Last fall, the Pennsylvania Department of Environmental Protection released a draft nutrient trading program which proved to be controversial, resulting in the comment period being extended. A revised version has yet to be released.

Earlier in the year, Virginia passed a law calling for the establishment of a trading program, but regulations to implement the law are still being developed.

In a December letter to the governors of the states, the science panel said that while a “well-designed” trading program could reduce costs, a poorly crafted program could actually increase costs to the public for nutrient reduction goals assigned to each major Bay tributary. States have written tributary strategies for each river outlining the actions needed to reach those goals.
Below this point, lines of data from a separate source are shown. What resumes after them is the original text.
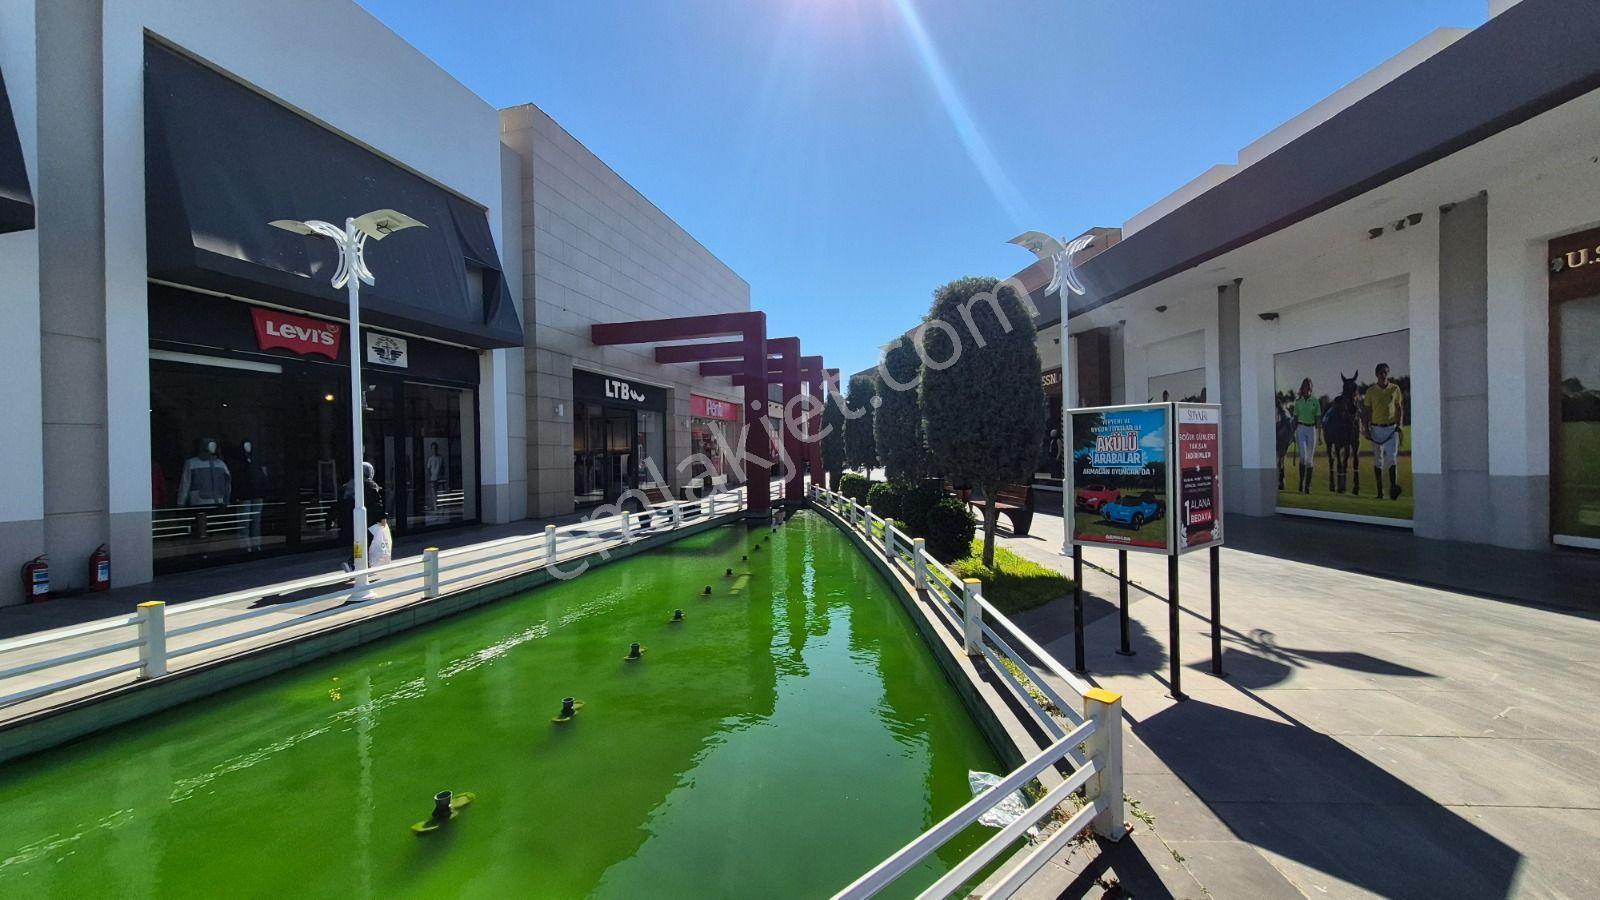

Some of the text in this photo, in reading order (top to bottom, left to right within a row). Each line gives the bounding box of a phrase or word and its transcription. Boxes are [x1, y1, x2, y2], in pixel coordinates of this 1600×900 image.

[605, 379, 630, 400] LTB
[1097, 431, 1138, 452] AKÜLÜ
[1094, 452, 1141, 464] ARABALAR
[1190, 498, 1211, 509] ALANA
[1190, 511, 1212, 523] BEDAVA
The letter said states should make clear that trading among wastewater treatment plants, known as point-to-point trading, should only be done with the understanding that all facilities will need to implement enhanced nutrient removal technologies in the near future. Trading programs should not be viewed as a substitute for upgrading, the group wrote.

“Future growth in the watershed will require these improvements to remain under the nutrient loading caps required for Bay restoration,” the letter said. “In the interim, nutrient trading may facilitate strategic movement toward that goal, but it cannot become a substitute for accomplishing enhanced nutrient removal.”

More controversial is point-to-nonpoint trades, in which point sources would pay farmers or other sources of nutrients to take actions that reduce runoff from the land.

The letter said such trades should not be allowed until nonpoint sources have achieved all of the nutrient control actions called for in tributary strategies.

Otherwise, the group wrote, “cheap and easy Best Management Practices for nonpoint sources will be sold to point source operators to account for the latter’s required reductions. This leaves the public to pick up the costs of implementing the more difficult and expensive nonpoint options necessary to meet commitments for the agreed-to reductions in nonpoint loads.”

Further, the letter said, point-to-nonpoint trading makes the assumption that there will be excess potential nutrient reductions beyond those planned in tributary strategies. “This is, at best, a highly controversial assumption,” the committee wrote.

Many are skeptical that a trading programs can effectively reduce water pollution, and Lipton said that if the states proceed with poorly crafted programs, it could move trading backward—not forward.

“I think we can get there,” Lipton said. “I am very much pro-trading in a very wide open way, once we define the rules and take into account all these extraneous issues that are out there. I think you can design a system that will work and achieve great efficiencies.”